My face resembles your face

less and less each day. When I was young

no one mistook whose child I was.

Features build coloring

alone among my creamy fine-boned sisters

marked me Byron's daughter.

 

No sun set when you died, but a door

opened onto my mother. After you left

she grieved her crumpled world aloft

an iron fist sweated with business symbols

a printed blotter dwell in the house of Lord's

your hollow voice changing down a hospital corridor

yea, though I walk through the valley

of the shadow of death

I will fear no evil.

 

II.

I rummage through the deaths you lived

swaying on a bridge of question.

At seven in Barbados

dropped into your unknown father's life

your courage vault from his tailor's table

back to the sea.

Did the Grenada treeferns sing

your 15th summer as you jumped ship

to seek your mother

finding her too late

surrounded with new sons?

 

Who did you bury to become the enforcer of the law

the handsome legend

before whose raised arm even trees wept

a man of deep and wordless passion

who wanted sons and got five girls?

You left the first two scratching in a treefern's shade

the youngest is a renegade poet

searching for your answer in my blood.

 

My mother's Grenville tales

spin through early summer evenings.

But you refused to speak of home

of stepping proud Black and penniless

into this land where only white men

ruled by money. How you labored

in the docks of the Hotel Astor

your bright wife a chambermaid upstairs

welded love and survival to ambition

as the land of promise withered

crashed the hotel closed

and you peddle dawn-bought apples

from a push-cart on Broadway.

 

Does an image of return

wealthy and triumphant

warm your chilblained fingers

as you count coins in the Manhattan snow

or is it only Linda

who dreams of home?

 

When my mother's first-born cries for milk

in the brutal city winter

do the faces of your other daughters dim

like the image of the treeferned yard

where a dark girl first cooked for you

and her ash heap still smells of curry?

 

III.

Did the secret of my sisters steal your tongue

like I stole money from your midnight pockets

stubborn and quaking

as you threaten to shoot me if I am the one?

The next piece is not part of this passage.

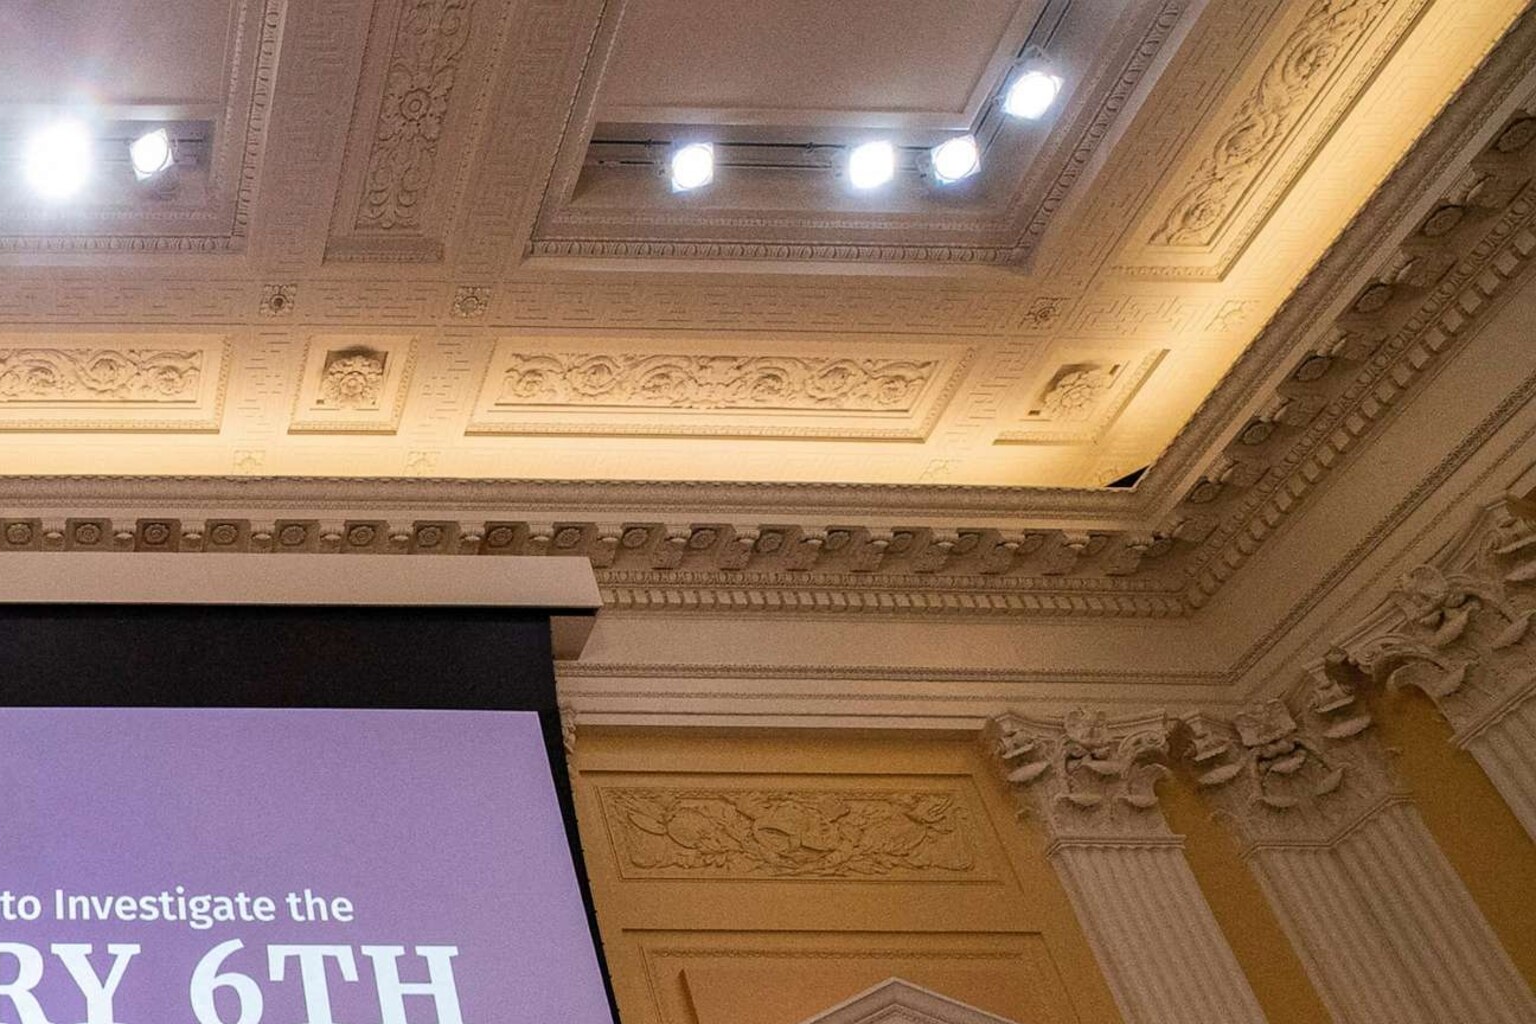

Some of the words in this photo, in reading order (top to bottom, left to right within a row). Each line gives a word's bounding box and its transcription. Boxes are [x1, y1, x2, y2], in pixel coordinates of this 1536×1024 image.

[0, 891, 41, 920] to
[55, 886, 276, 930] Investigate
[285, 889, 353, 922] the

The naked lightbulbs in our kitchen ceiling

glint off your service revolver

as you load whispering.

 

Did two little dark girls in Grenada

dart like flying fish

between your averted eyes

and my pajamaless body

our last adolescent summer?

Eavesdropped orations

to your shaving mirror

our most intense conversations

were you practicing how to tell me

of my twin sisters abandoned

as you had been abandoned

by another Black woman seeking

her fortune Grenada Barbados

Panama Grenada.

New York City.

 

IV.

You bought old books at auctions

for my unlanguaged world

gave me your idols Marcus Garvey Citizen Kane

and morsels from your dinner plate

when I was seven.

I owe you my Dahomeyan jaw

the free high school for gifted girls

no one else thought I should attend

and the darkness that we share.

Our deepest bonds remain

the mirror and the gun.

 

V.

An elderly Black judge

known for his way with women

visits this island where I live

shakes my hand, smiling.

"I knew your father," he says

"quite a man!" Smiles again.

I flinch at his raised eyebrow.

A long-gone woman's voice

lashes out at me in parting

"You will never be satisfied

until you have the whole world

in your bed!"

 

Now I am older than you were when you died

overwork and silence exploding your brain.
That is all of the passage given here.